Zachary D. RymerMLB Lead WriterFebruary 14, 2012

COOPERSTOWN, NY - JULY 29: 2007 inductee Tony Gwynn gives his acceptance speech at Clark Sports Center during the Baseball Hall of Fame induction ceremony on July 29, 2007 in Cooperstown, New York. (Photo by Chris McGrath/Getty Images)
Chris McGrath/Getty Images

If you venture to go check out old footage of Hall of Fame outfielder Tony Gwynn, you're going to be reminded of just how sweet his swing was. 

You may also notice that the former San Diego Padres star rarely, if ever, stepped up to the plate without some chaw in his mouth. Like myriad other big league players over the years, Gwynn was quite fond of chewing tobacco in his playing days.

He's paying for it now. Gwynn had to have surgery to remove a malignant growth in his mouth in 2010, and the word from Tom Friend of is that Gwynn had to have another surgery on Tuesday to remove a new cancerous tumor in the same spot where he had his last surgery.

Worse, this new surgery is significantly more complicated. Gwynn's facial functions themselves are at risk.

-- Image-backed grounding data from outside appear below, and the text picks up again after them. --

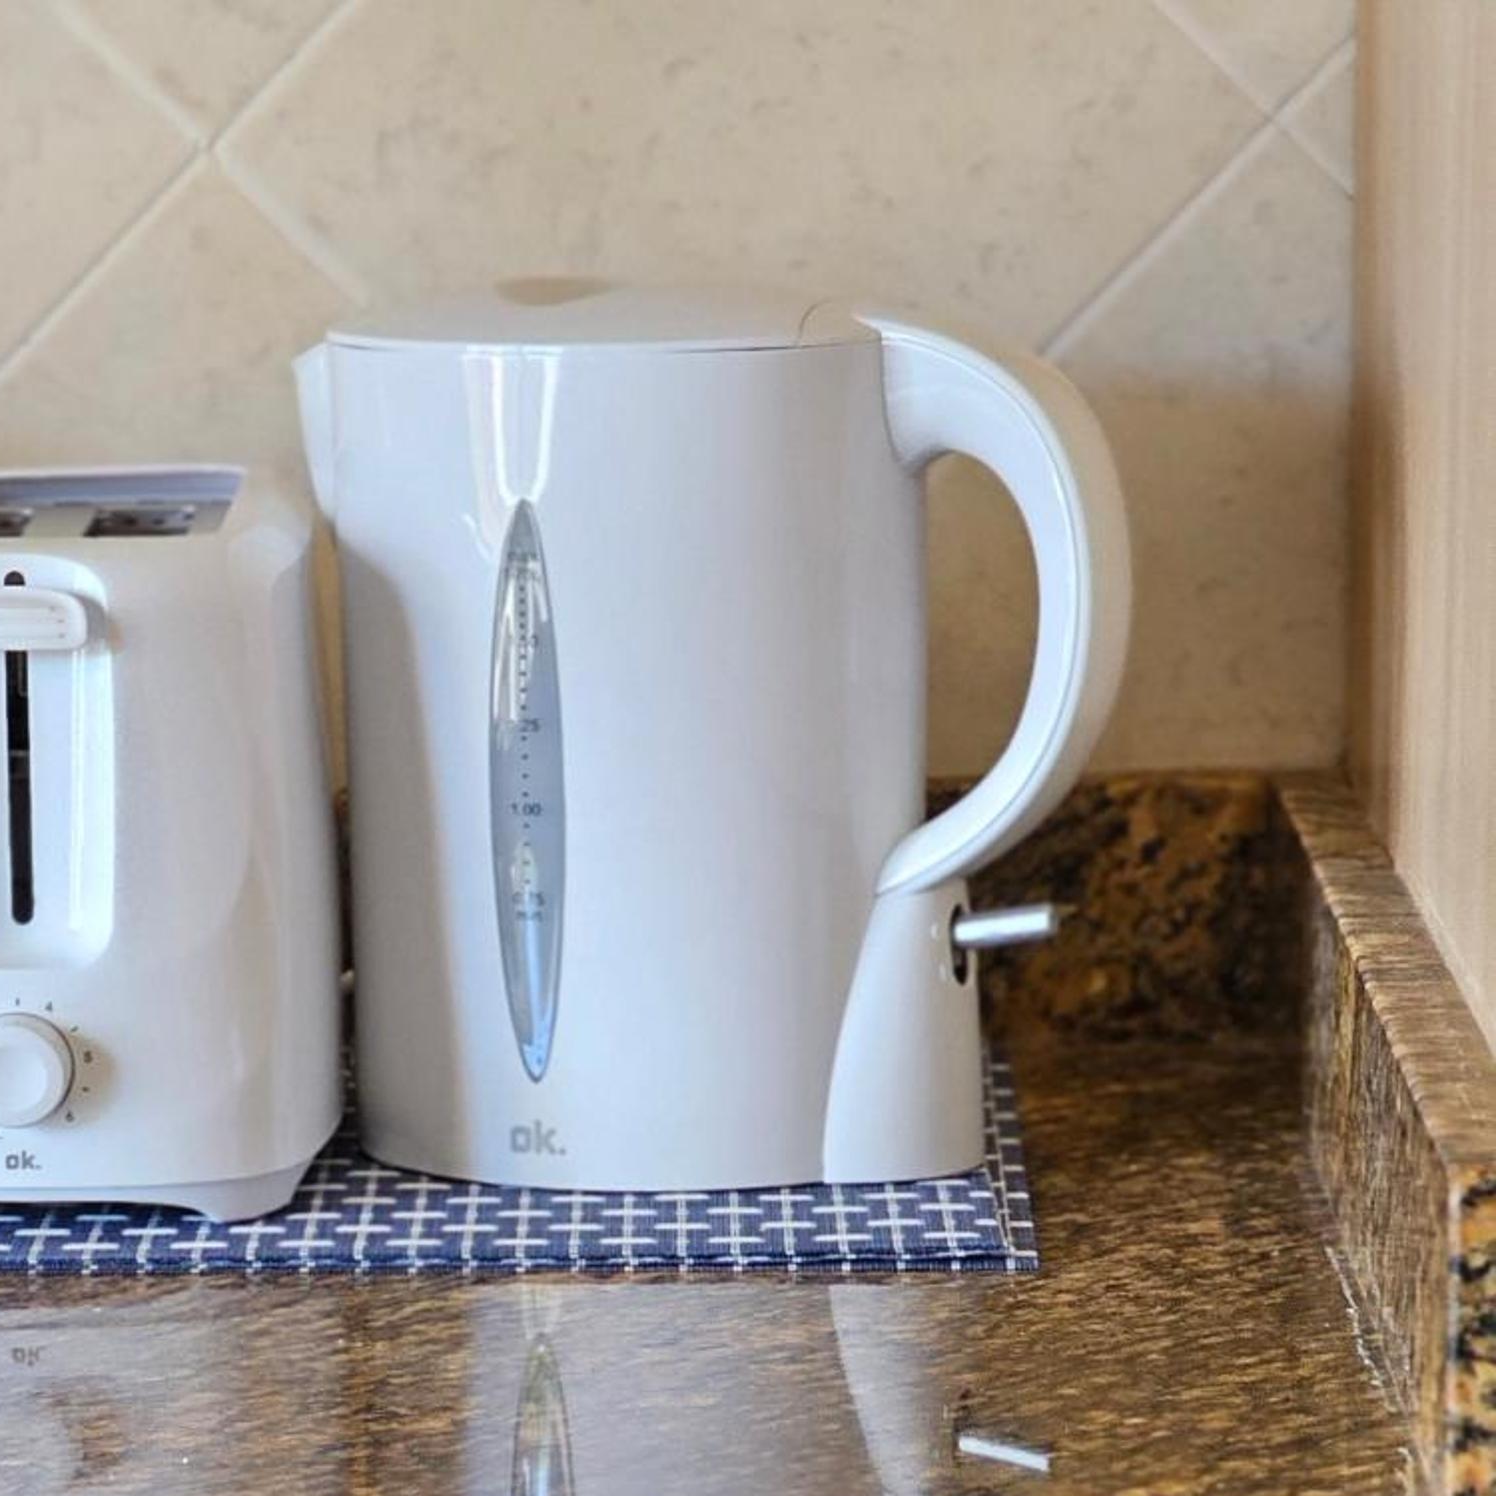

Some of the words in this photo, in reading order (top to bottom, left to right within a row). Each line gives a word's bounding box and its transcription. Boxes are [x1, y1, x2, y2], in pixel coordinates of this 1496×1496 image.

[45, 1001, 53, 1012] 4
[510, 1119, 567, 1156] ok.
[5, 1150, 43, 1170] ok.
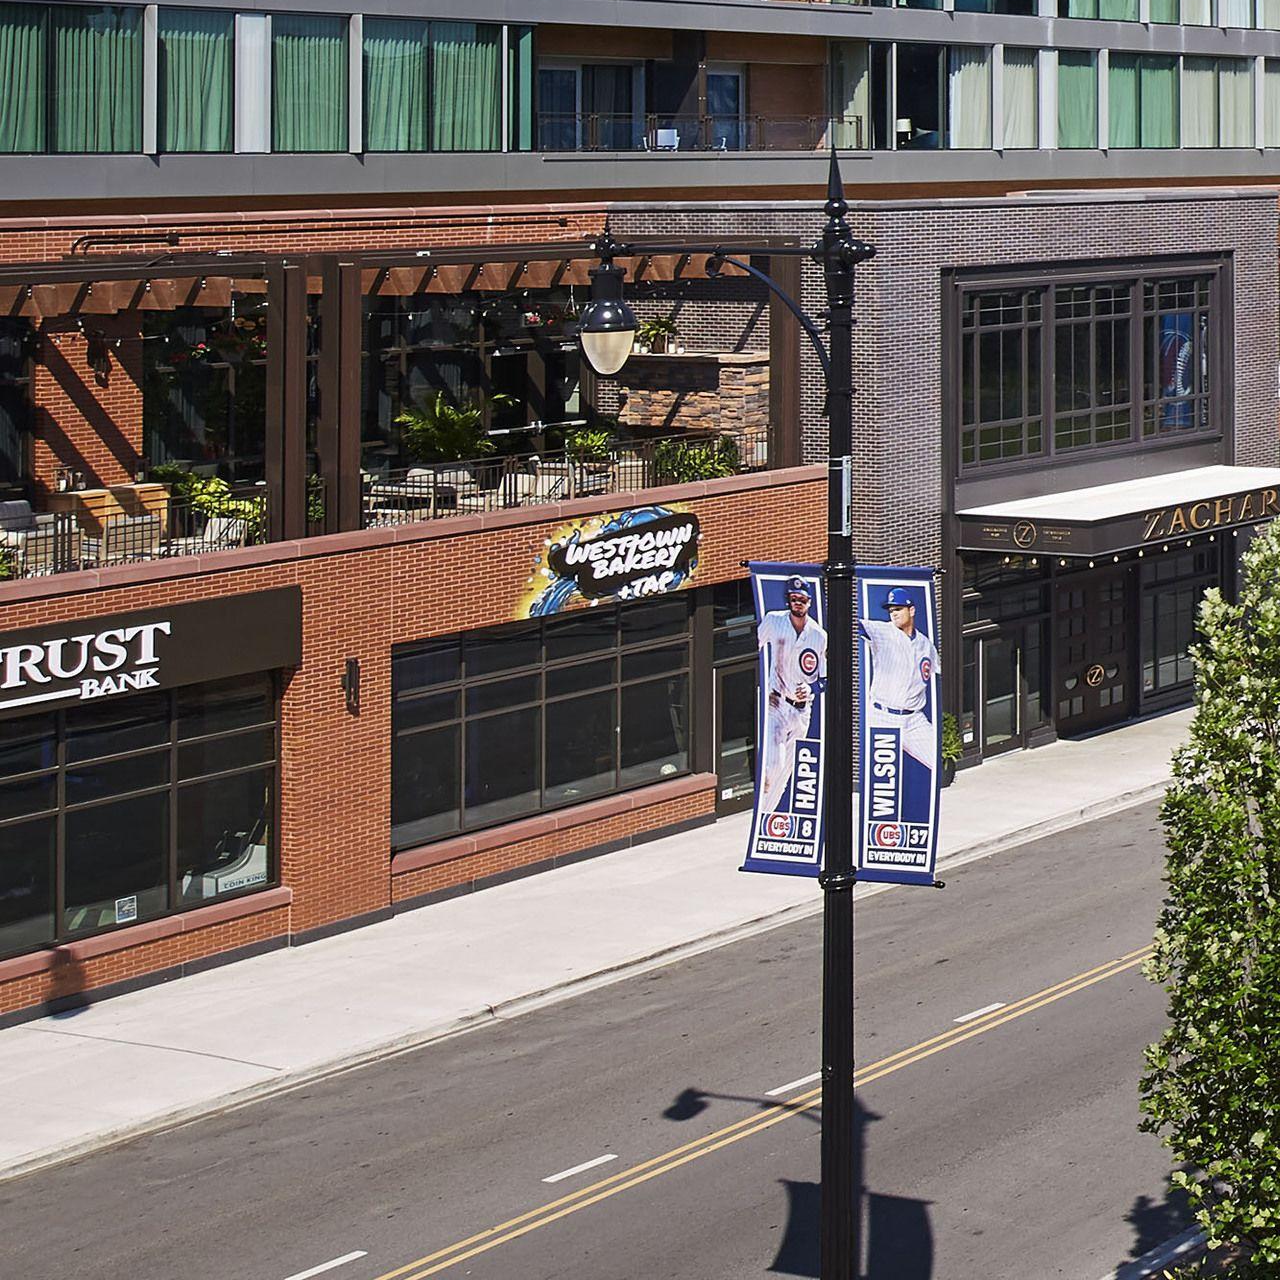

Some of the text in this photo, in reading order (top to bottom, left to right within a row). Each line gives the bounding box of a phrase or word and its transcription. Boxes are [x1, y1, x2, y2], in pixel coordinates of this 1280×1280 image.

[591, 545, 684, 580] BAKERY
[0, 621, 171, 689] RUST
[80, 667, 160, 700] BANK
[795, 748, 818, 810] HAPP
[872, 733, 896, 818] WILSON
[767, 814, 812, 838] CUBS 8
[876, 824, 928, 847] CUBS 37
[758, 842, 813, 856] EVERYBODY IN
[868, 851, 926, 865] EVERYBODY IN
[224, 873, 266, 889] COIN KING

According to Gwynn's wife, Alicia, Gwynn has told doctors to remove the tumor completely, which may require them to remove a key facial nerve. If they have to remove that nerve, they'll have to replace it with a nerve from Gwynn's shoulder or leg.

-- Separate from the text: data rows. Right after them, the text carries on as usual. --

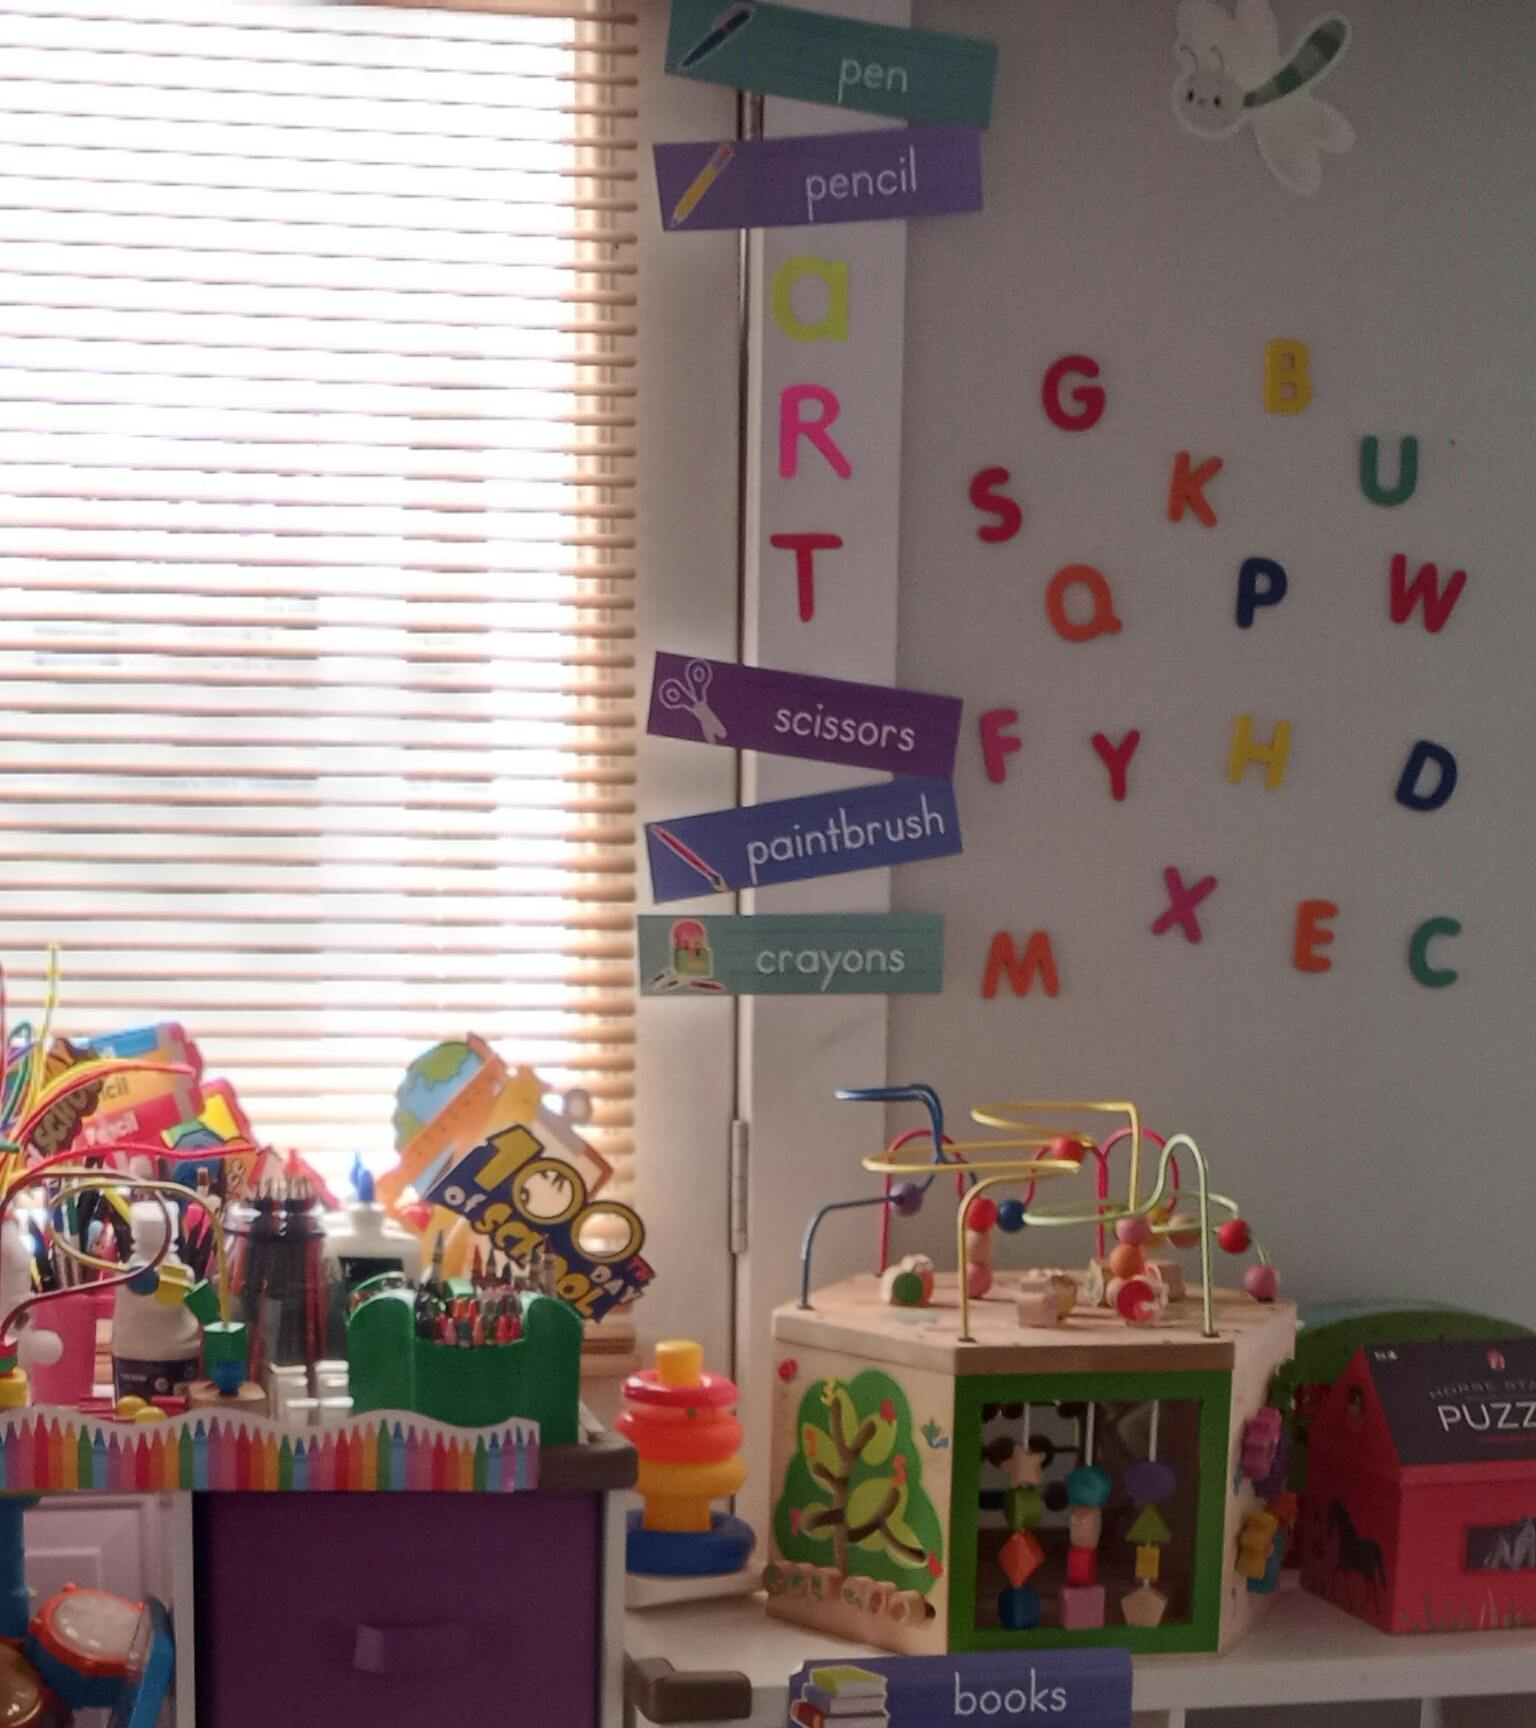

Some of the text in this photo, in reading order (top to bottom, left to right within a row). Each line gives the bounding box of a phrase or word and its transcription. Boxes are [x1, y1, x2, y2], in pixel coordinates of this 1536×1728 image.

[838, 57, 908, 104] pen
[805, 145, 917, 221] pencil
[1042, 355, 1106, 431] G
[1264, 340, 1312, 413] B
[969, 467, 1022, 543] S
[1167, 452, 1223, 527] K
[1359, 435, 1417, 507] U
[1045, 564, 1122, 643] Q
[1235, 557, 1288, 628] P
[1390, 554, 1467, 633] W
[774, 704, 915, 751] scissors
[979, 708, 1022, 784] F
[1227, 715, 1292, 789] H
[1091, 730, 1140, 800] Y
[1395, 740, 1457, 812] D
[745, 796, 946, 884] paintbrush
[1151, 867, 1217, 944] X
[1293, 900, 1338, 973] E
[755, 944, 906, 990] crayons
[982, 931, 1059, 1000] M
[1408, 917, 1462, 987] C
[954, 1667, 1066, 1716] books

"Hopefully, his face will work fine; hopefully he'll be able to blink his eye. They said they will make his face as normal as they can -- and that it might be better than it was," said Alicia Gwynn on Tuesday morning.

Photo Credit: USA Today
Photo Credit: USA Today

When Gwynn had his surgery in 2010, doctors discovered that the tumor they were dealing with was wrapped around a nerve on the right side of Gwynn's face. This particular nerve controls the right side of his face from his forehead all the way down to his mouth. Without the nerve, the right side of Gwynn's face would effectively be paralyzed.

It has not been proven that Gwynn's chewing tobacco habit is responsible for these tumors, but Gwynn himself is convinced that chaw is directly responsible.

"Of course it caused it ... I always dipped on my right side," he said in 2010.

Friend published a lengthy piece about Gwynn's dipping habit and the damage it has caused in August of 2011. In it, Gwynn admitted to being a "junkie" for the stuff. He used it during all 20 of his major league seasons, and he continued dipping after he retired in 2001. He didn't even stop when he was broadcasting games for ESPN.

The degree to which Gwynn used chewing tobacco is not typical for major league ballplayers, but it's no secret among the public that ballplayers and chewing tobacco have gone hand in hand for a long time. Chaw has practically been standard equipment for professional and amateur ballplayers for well over a century.

Credit where credit is due, Major League Baseball is finally trying to distance itself from the image of swollen-cheeked ballplayers spitting brown liquid all over the field. Per the Associated Press, the new collective bargaining agreement prohibits players from using chewing tobacco during pregame and postgame interviews, and they're not allowed to carry tins of it when fans are permitted in the ballpark.

They are, however, permitted to keep chewing if they please. Players can still chew during games, and that means television cameras will be powerless to keep from showing major leaguers dipping. Impressionable children may continue to take cues. Unless MLB bans chewing tobacco altogether, some of these youngsters may grow up and start dipping just like their favorite ballplayers.

If anything good can come from Gwynn's health struggles, it's that they should serve to show kids and people of all ages what chewing tobacco can lead to. Chaw certainly didn't rob Gwynn of any of his abilities when he was a player, but he would probably do things over again if he knew he was going to spend his post-baseball life trying to save the right side of his face.

For the record, Gwynn's health problems aren't restricted to his post-baseball life. He's dealing with the worst of them at the age of 51, but doctors found growths inside Gwynn's mouth twice during his playing career. He didn't know it, but the writing was on the wall at that point.

Kids and amateurs who dream of playing in the majors someday shouldn't be the only ones to avoid following in Gwynn's footsteps. His story should serve to scare current ballplayers straight too. They don't want to go through what Gwynn is going through.

It bears repeating that it hasn't been proven that chewing tobacco is at the root of Gwynn's problems. But when you take his insistence and the entirety of his story into consideration, it's obvious that this is not something worth gambling on.